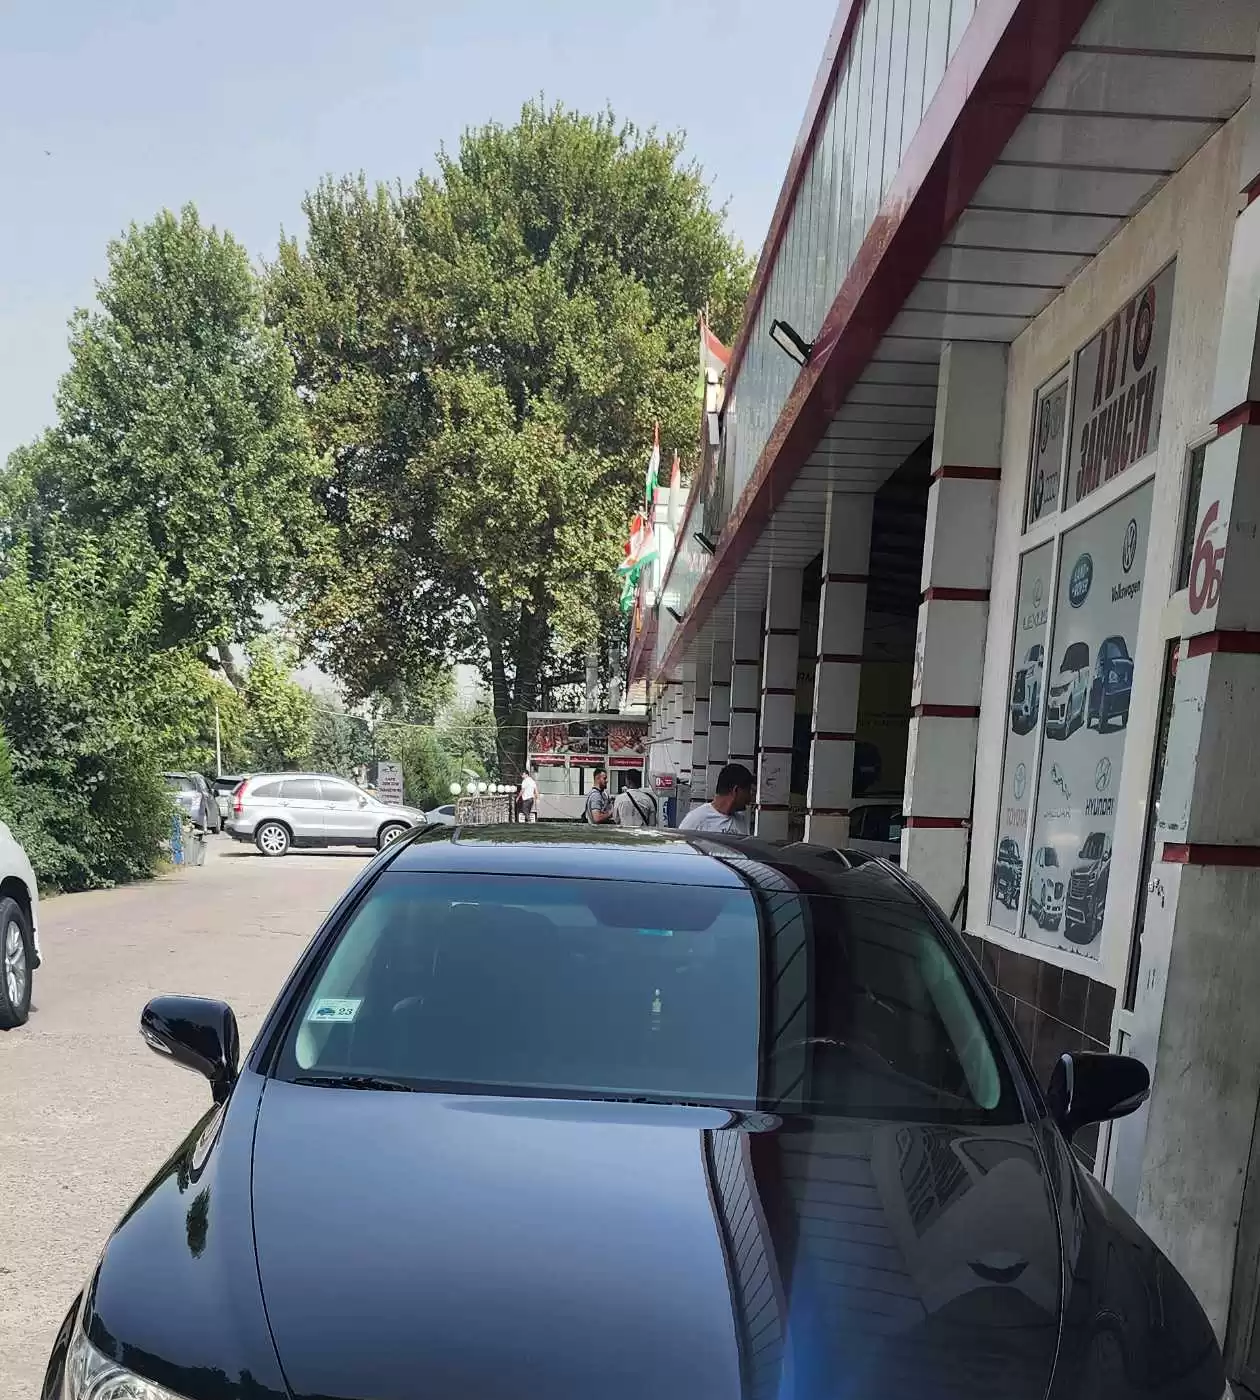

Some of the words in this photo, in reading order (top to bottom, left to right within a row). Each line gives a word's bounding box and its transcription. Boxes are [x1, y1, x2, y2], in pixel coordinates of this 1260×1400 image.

[1092, 285, 1156, 411] АВТО
[1076, 366, 1157, 503] ЗАПЧАСТИ
[1085, 798, 1115, 816] HYUNDAI
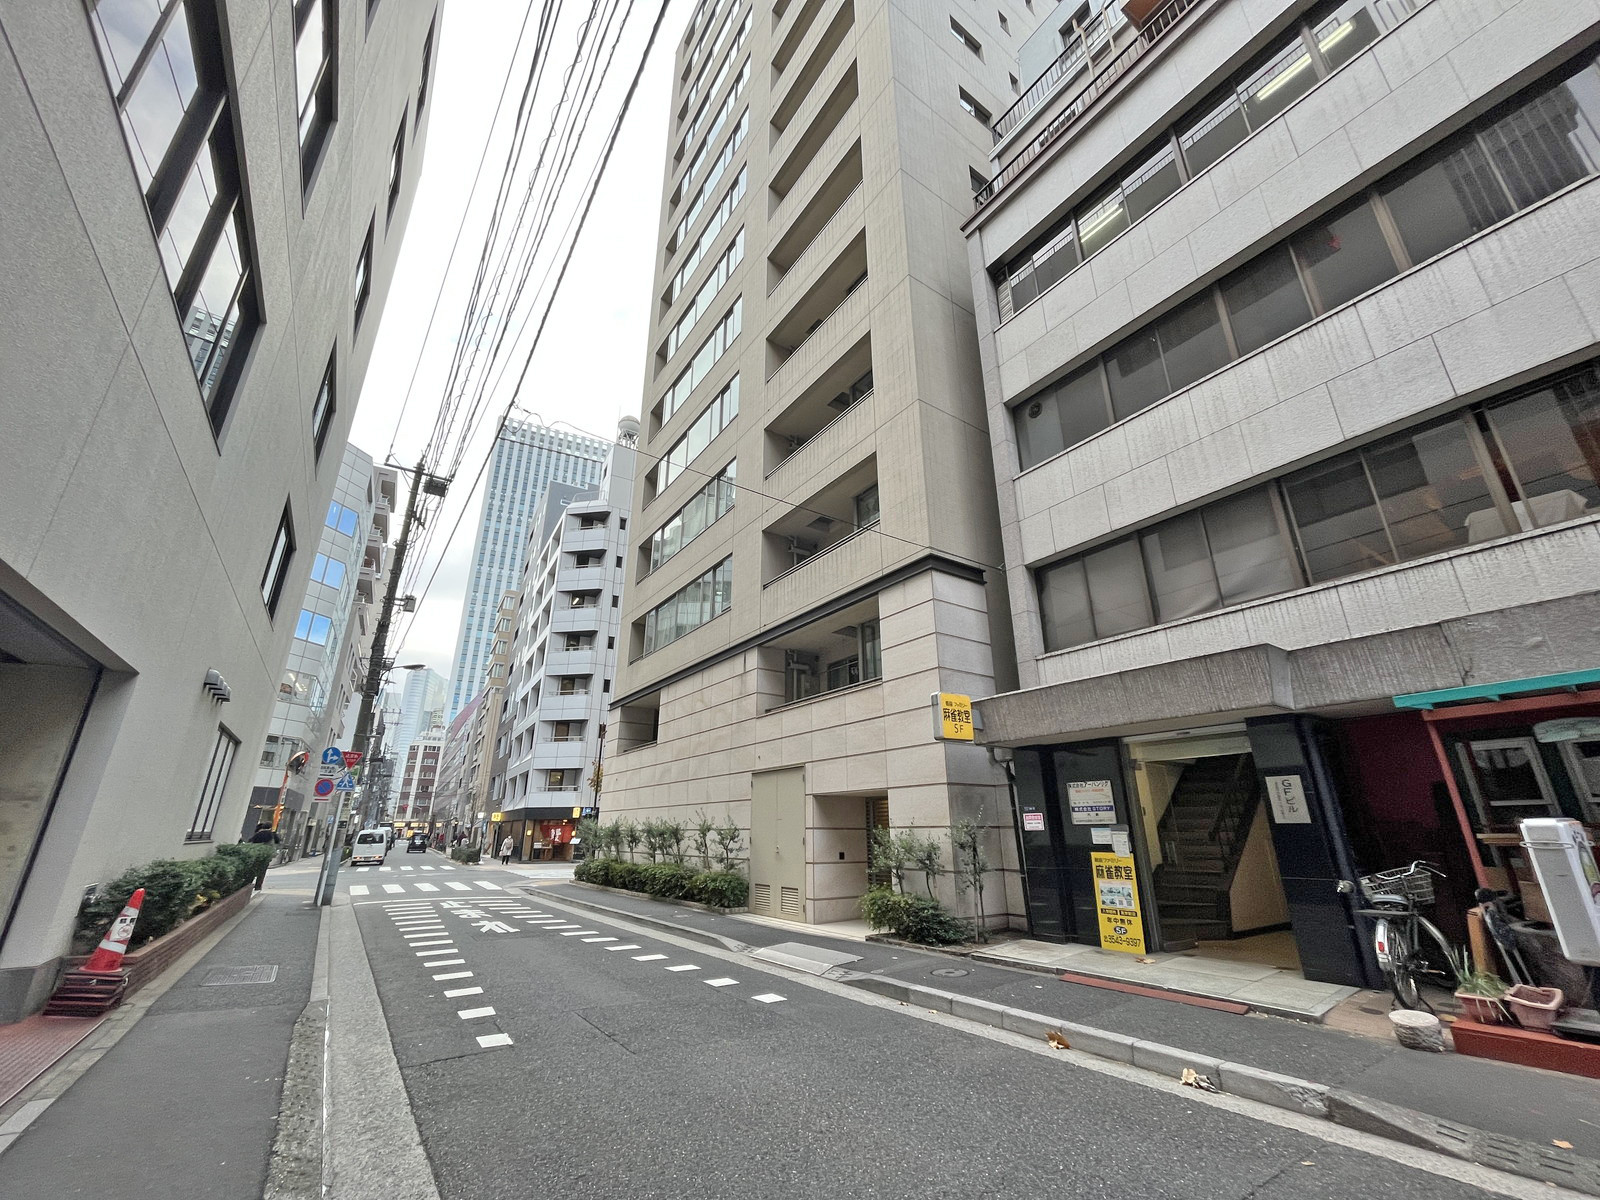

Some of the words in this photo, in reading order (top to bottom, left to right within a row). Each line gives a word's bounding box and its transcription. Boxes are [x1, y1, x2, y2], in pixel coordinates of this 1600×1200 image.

[942, 708, 971, 724] 麻雀教室
[1095, 864, 1134, 881] 麻雀教室
[440, 900, 521, 934] 止まれ
[1106, 917, 1133, 926] 年中無休
[1115, 926, 1127, 934] SF
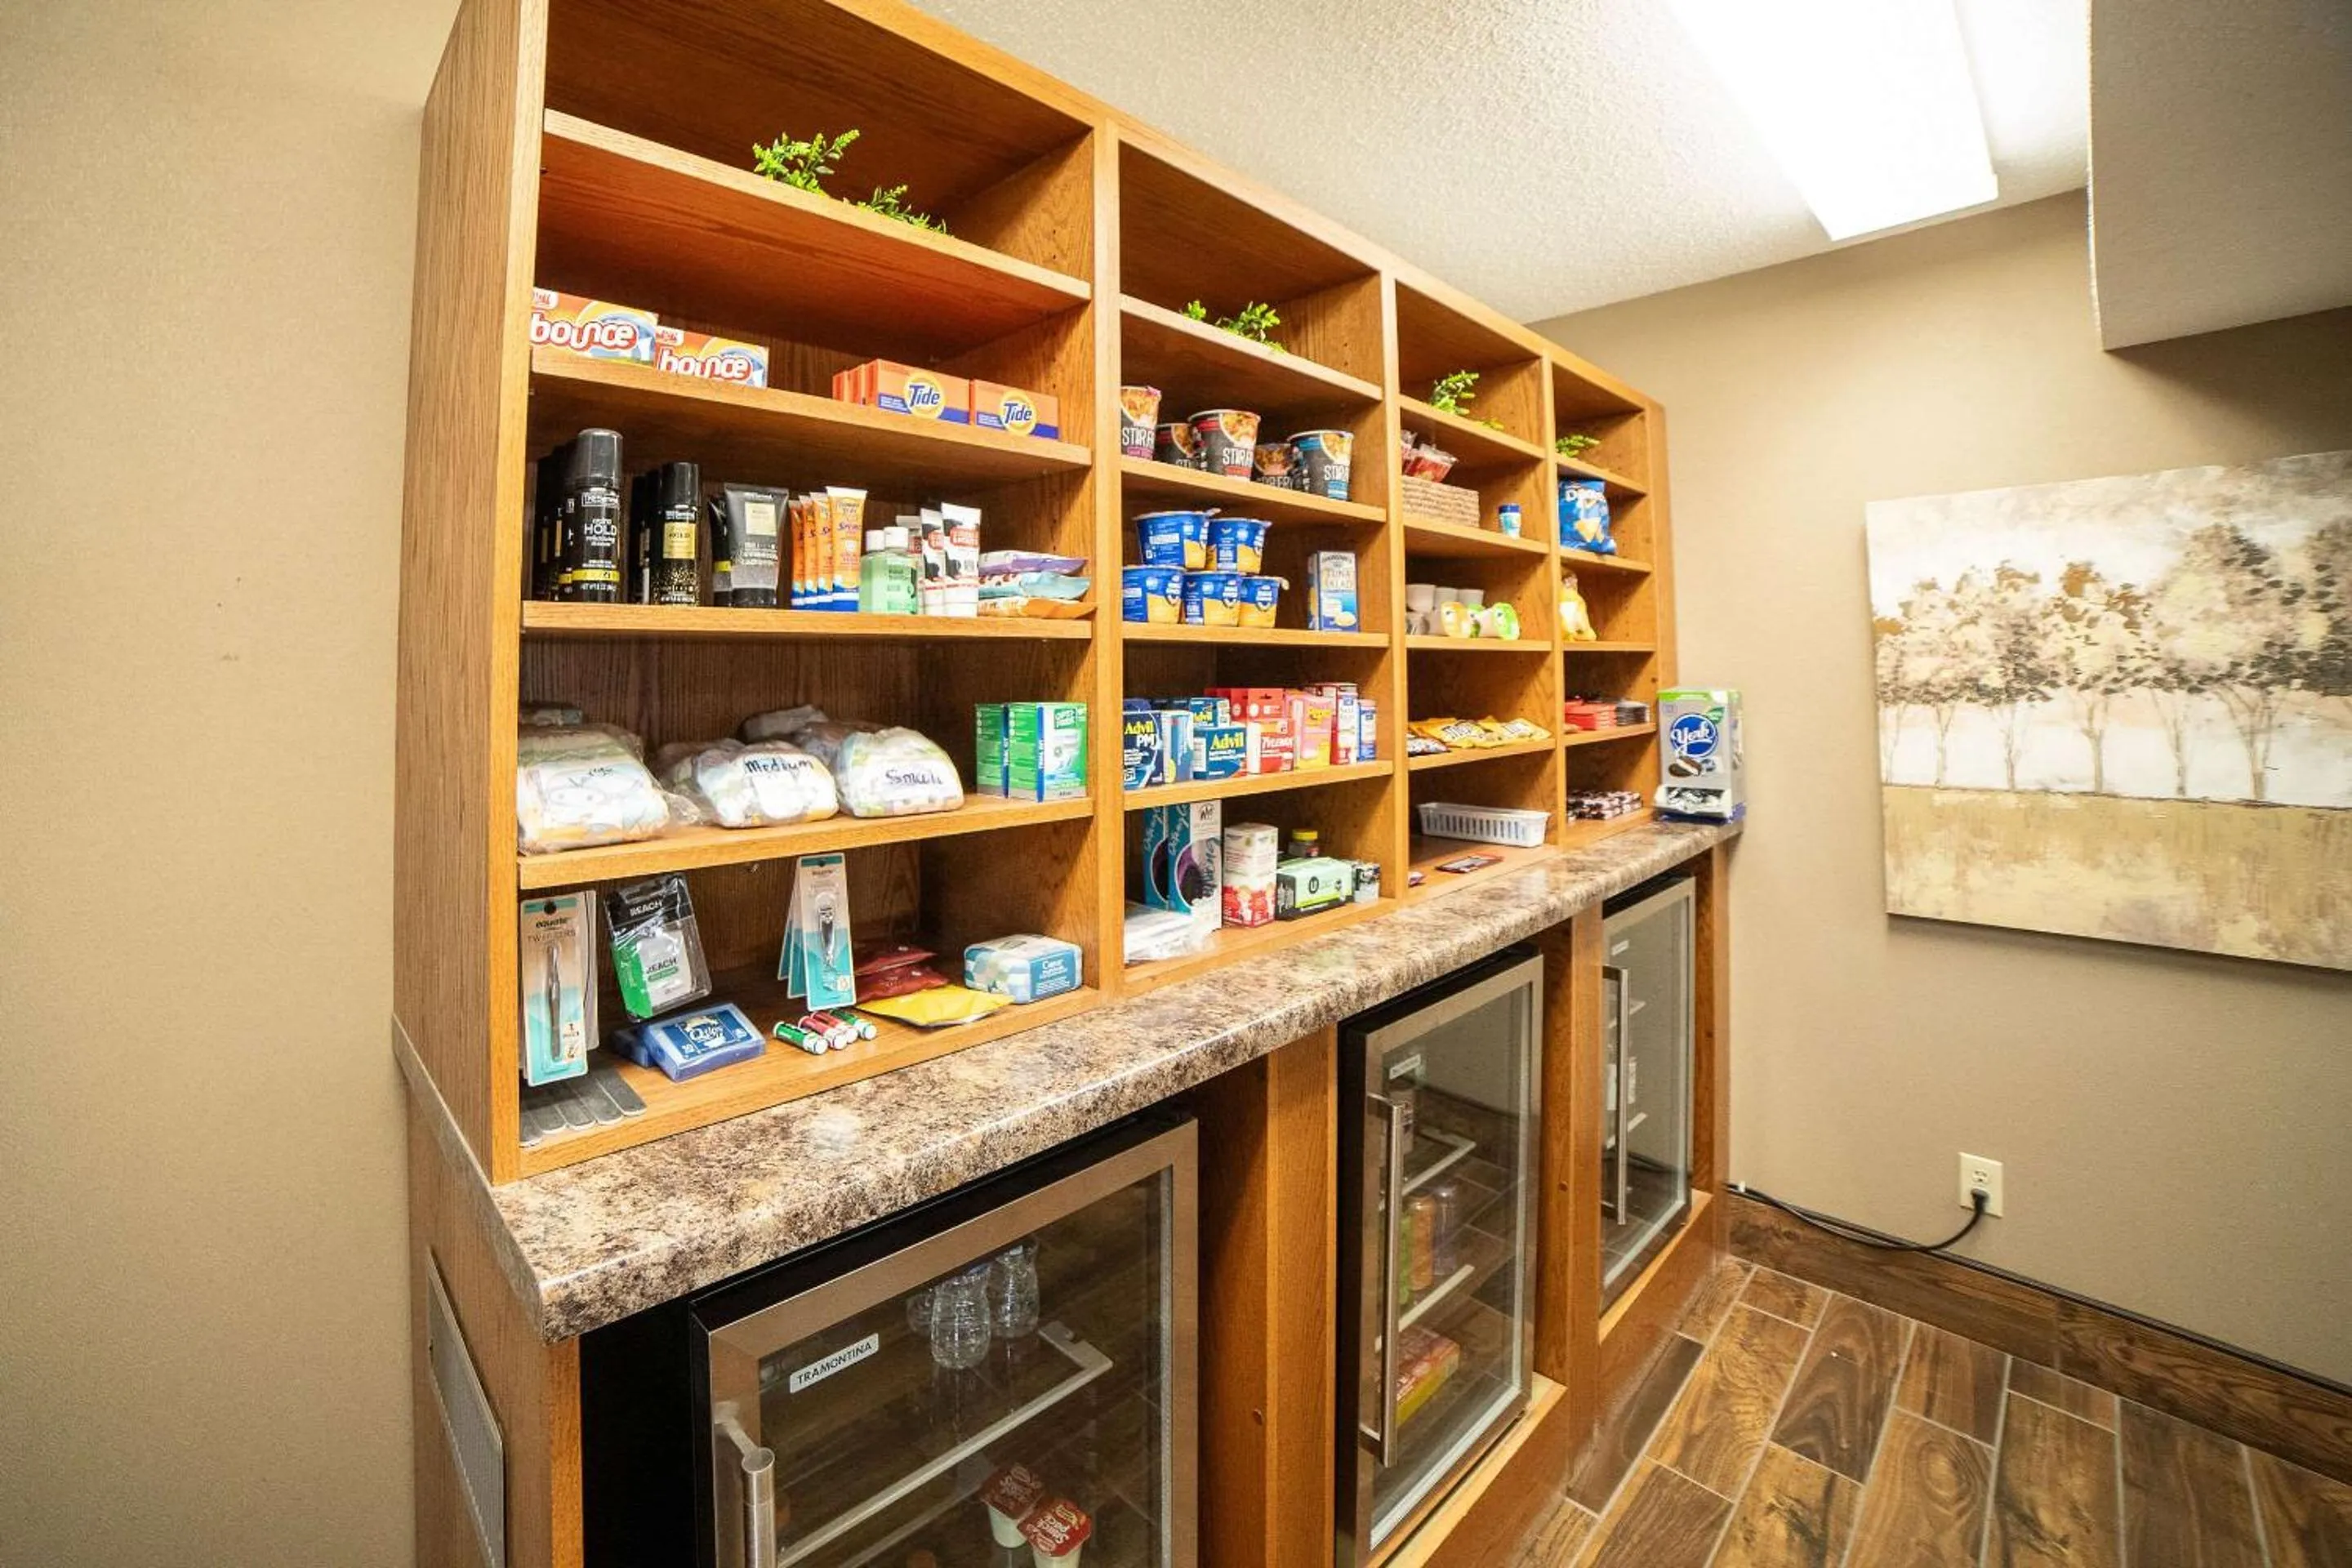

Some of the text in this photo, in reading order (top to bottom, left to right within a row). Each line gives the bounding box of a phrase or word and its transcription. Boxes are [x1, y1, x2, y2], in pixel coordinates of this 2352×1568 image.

[529, 310, 637, 350] bounce
[657, 348, 755, 381] bounce
[908, 385, 940, 407] Tide
[1004, 403, 1032, 424] Tide
[584, 523, 617, 536] HOLD
[1125, 720, 1154, 734] Advil
[1671, 720, 1713, 750] York
[1136, 733, 1156, 747] PM
[1210, 732, 1244, 750] Advil
[745, 759, 814, 773] Medium
[630, 899, 663, 916] REACH
[796, 1342, 872, 1384] TRAMONTINA
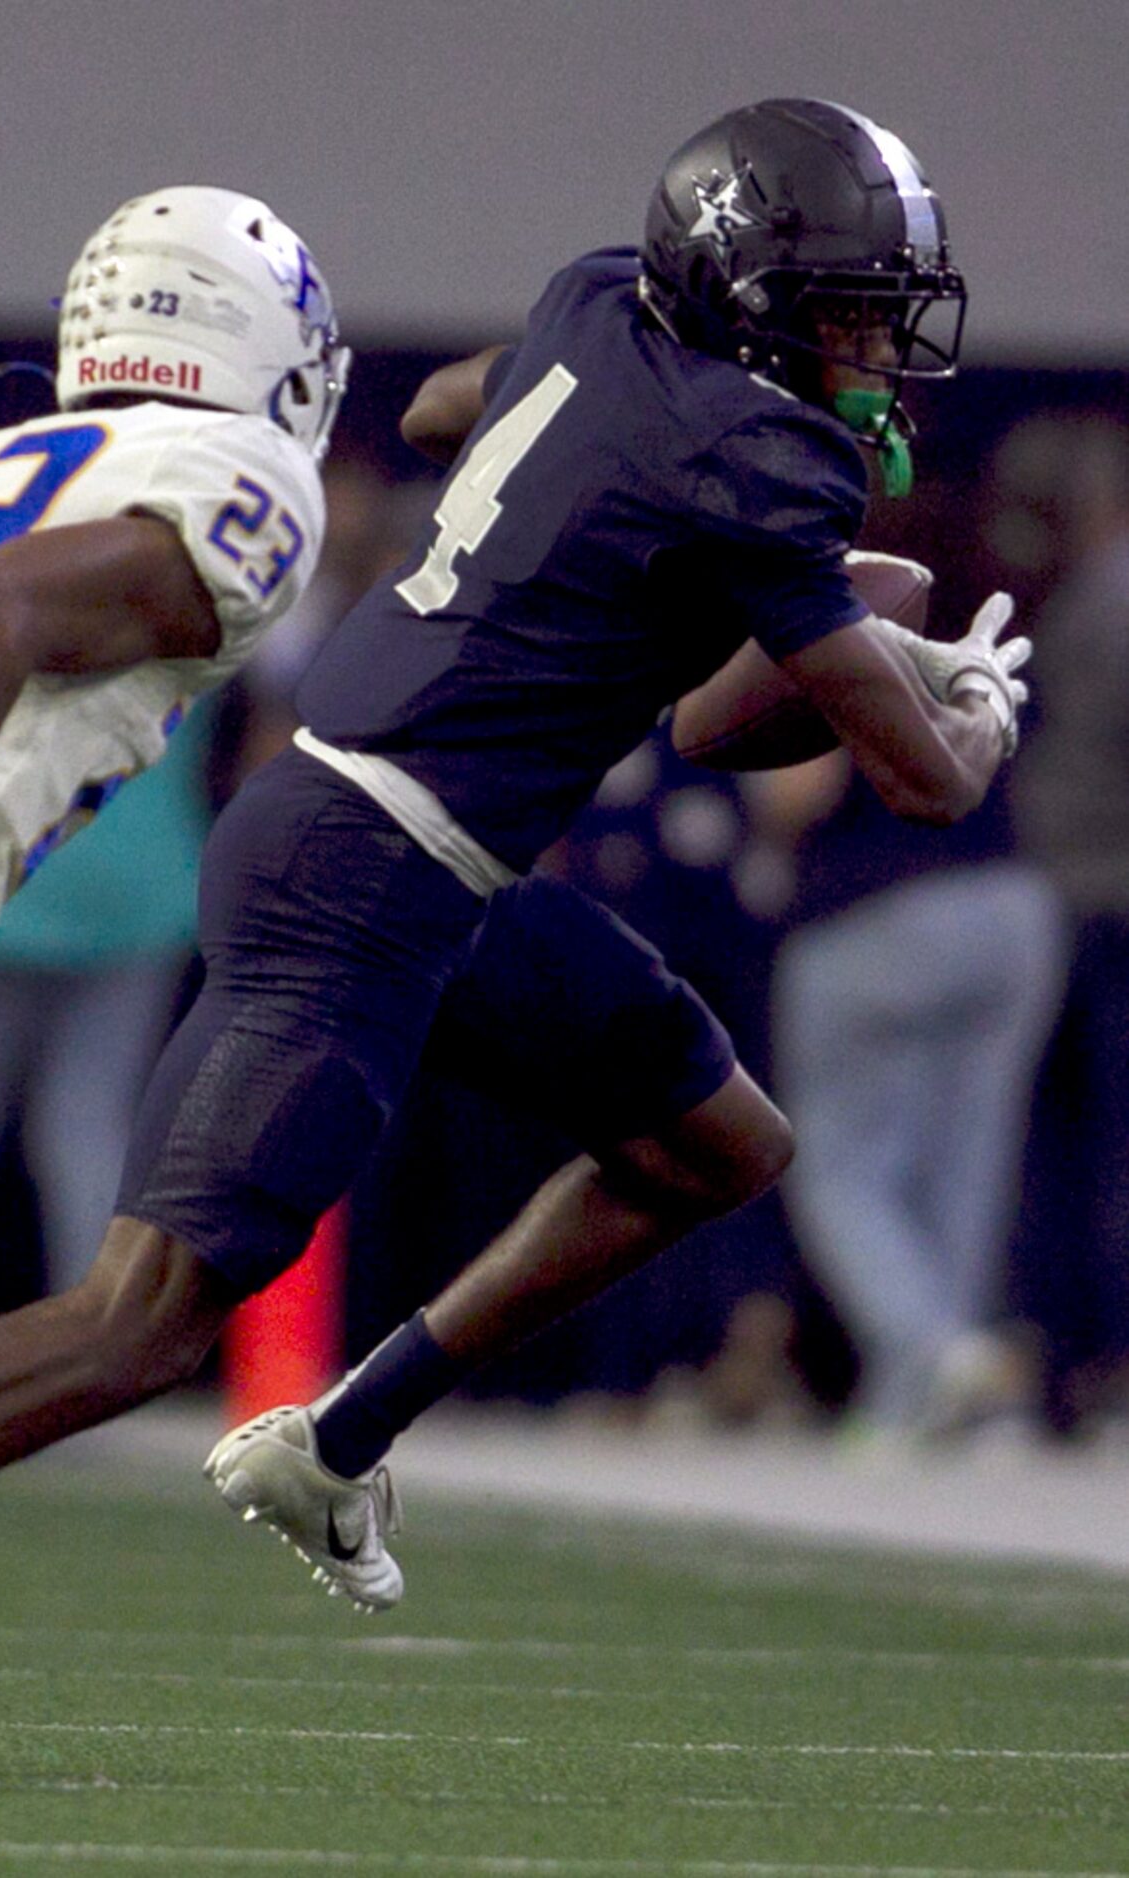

........

» **Exercise aim**
Make an exact printout of the listing above, omitting the images.

» **Response to this task**
Some of the words in this photo, in reading order (top to bottom, left to right within a row). Each line gives a word's bounding box and its transcription. Boxes are [x1, y1, x2, y2], in pixel coordinates of this 1260×1400 image.

[1092, 285, 1156, 411] АВТО
[1076, 366, 1157, 503] ЗАПЧАСТИ
[1085, 798, 1115, 816] HYUNDAI

Some of the words in this photo, in reading order (top to bottom, left to right within a row). Each line gives a word's bounding box and its transcription. Boxes are [x1, y1, x2, y2], in pixel coordinates of this 1600×1200 image.

[942, 708, 971, 724] 麻雀教室
[1095, 864, 1134, 881] 麻雀教室
[440, 900, 521, 934] 止まれ
[1106, 917, 1133, 926] 年中無休
[1115, 926, 1127, 934] SF

Some of the text in this photo, in reading order (top to bottom, left to right within a row). Each line gives the bounding box of a phrase or word and its transcription. Boxes are [x1, y1, x2, y2], in pixel coordinates of this 2352×1568 image.

[529, 310, 637, 350] bounce
[657, 348, 755, 381] bounce
[908, 385, 940, 407] Tide
[1004, 403, 1032, 424] Tide
[584, 523, 617, 536] HOLD
[1125, 720, 1154, 734] Advil
[1671, 720, 1713, 750] York
[1136, 733, 1156, 747] PM
[1210, 732, 1244, 750] Advil
[745, 759, 814, 773] Medium
[630, 899, 663, 916] REACH
[796, 1342, 872, 1384] TRAMONTINA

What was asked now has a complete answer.